- **Problem**: Output the data below exactly, images excluded.

== == ==

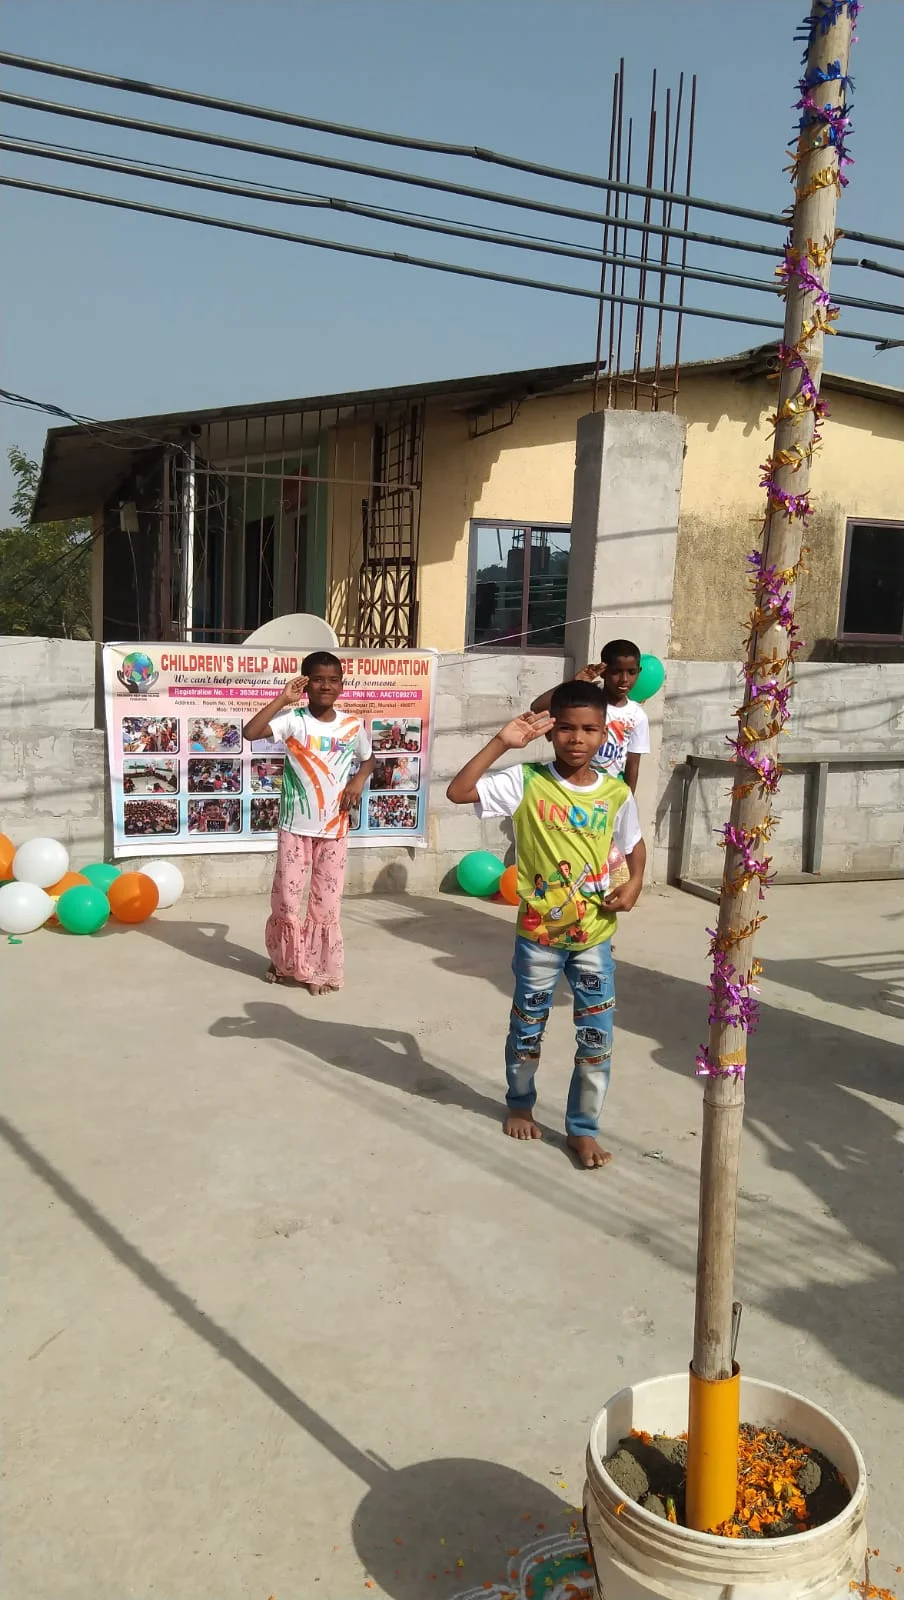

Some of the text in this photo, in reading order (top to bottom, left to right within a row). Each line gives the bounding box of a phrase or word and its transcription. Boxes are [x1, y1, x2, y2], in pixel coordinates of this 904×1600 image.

[160, 654, 234, 672] CHILDREN'S
[238, 656, 269, 673] HELP
[272, 657, 298, 673] AND
[357, 658, 430, 676] FOUNDATION
[174, 675, 188, 683] We
[190, 675, 211, 684] can't
[213, 675, 232, 686] help
[235, 677, 270, 687] everyone
[174, 688, 212, 696] Registration
[260, 689, 279, 697] Under
[537, 799, 609, 835] INDIA

== == ==

- **Problem solution**:
Some of the text in this photo, in reading order (top to bottom, left to right within a row). Each line gives the bounding box of a phrase or word and its transcription. Boxes are [x1, y1, x2, y2], in pixel coordinates of this 904×1600 image.

[160, 654, 234, 672] CHILDREN'S
[238, 656, 269, 673] HELP
[272, 657, 298, 673] AND
[357, 658, 430, 676] FOUNDATION
[174, 675, 188, 683] We
[190, 675, 211, 684] can't
[213, 675, 232, 686] help
[235, 677, 270, 687] everyone
[174, 688, 212, 696] Registration
[260, 689, 279, 697] Under
[537, 799, 609, 835] INDIA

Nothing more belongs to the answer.